Progress in trade logistics performance has slowed down over the last two years of global recession, according to a World Bank survey on trade logistics released Tuesday. However, improved performance was noticed in countries which took to aggressive reforms.
Topping the list of the 155 performers in the Logistics Performance Indicators (LPI) was Singapore. Meanwhile, countries that made improvements to their perofrmance were Chile, China, India, Morocco, South Africa, Turkey and the U.S. The study is based on a comprehensive world survey of express carriers and international freight forwarders.
"Trade logistics is key to economic competitiveness, growth, and poverty reduction," said Otaviano Canuto, World Bank Vice President for Poverty Reduction and Economic Management (PREM).
There has been an inverse relationship between income and performance of countries, as high income countries dominate the top logistics rankings, according to the LPI. Furthermore, the countries with the weakest economic performance are the least developed countries which also happened to be smaller, landlocked, and emerging from conflict.

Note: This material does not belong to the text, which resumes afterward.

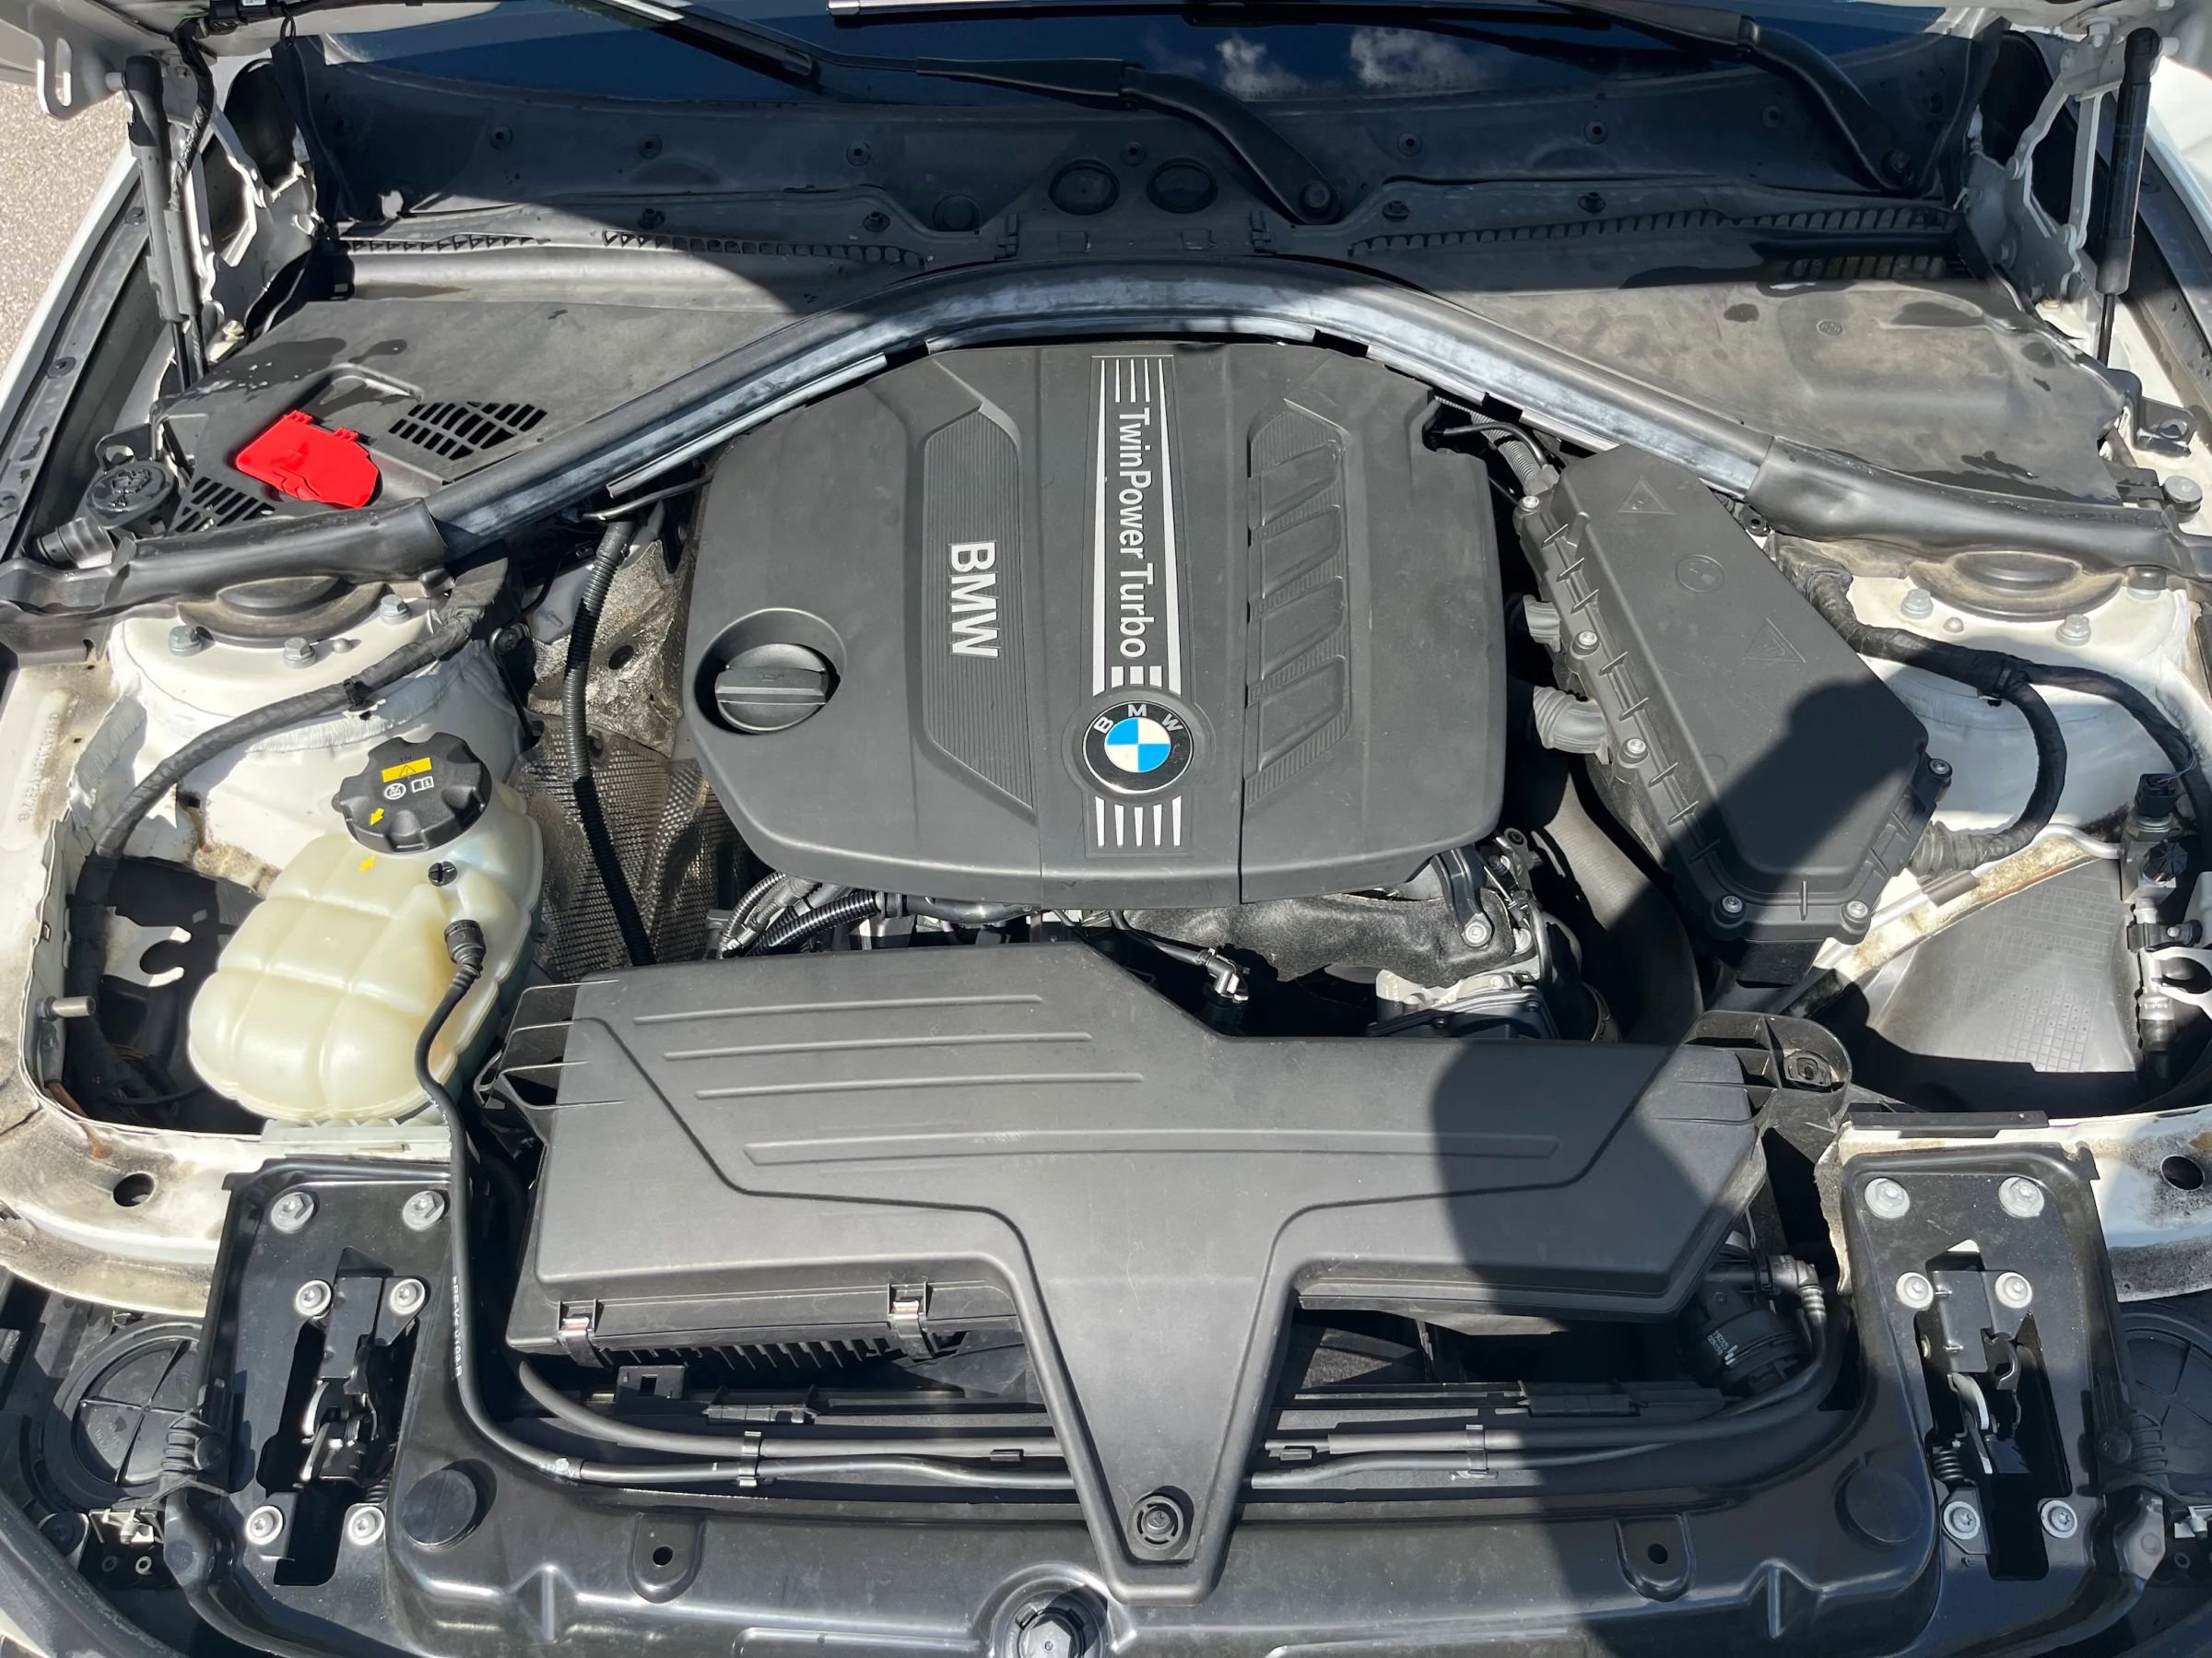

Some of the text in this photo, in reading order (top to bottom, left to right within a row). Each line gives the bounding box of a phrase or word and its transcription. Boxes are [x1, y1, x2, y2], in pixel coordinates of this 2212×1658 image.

[1119, 407, 1155, 658] TwinPower Turbo
[951, 542, 999, 657] BMW
[1093, 703, 1184, 735] BMW

"Infrastructure stands out as the chief driver of progress in top performers, followed by improvements in logistics services, and customs and border management," said Mona Haddad, Sector Manager of the World Bank's International Trade Department. "All top performers show strong cooperation between the public and private sectors, and a comprehensive approach in the development of services, infrastructure and efficient logistics."
The survey also found that logistics is important for food security, border management, customs agencies, and sanitary regulations. However, rail services dissatisfied more than 90 percent of respondents.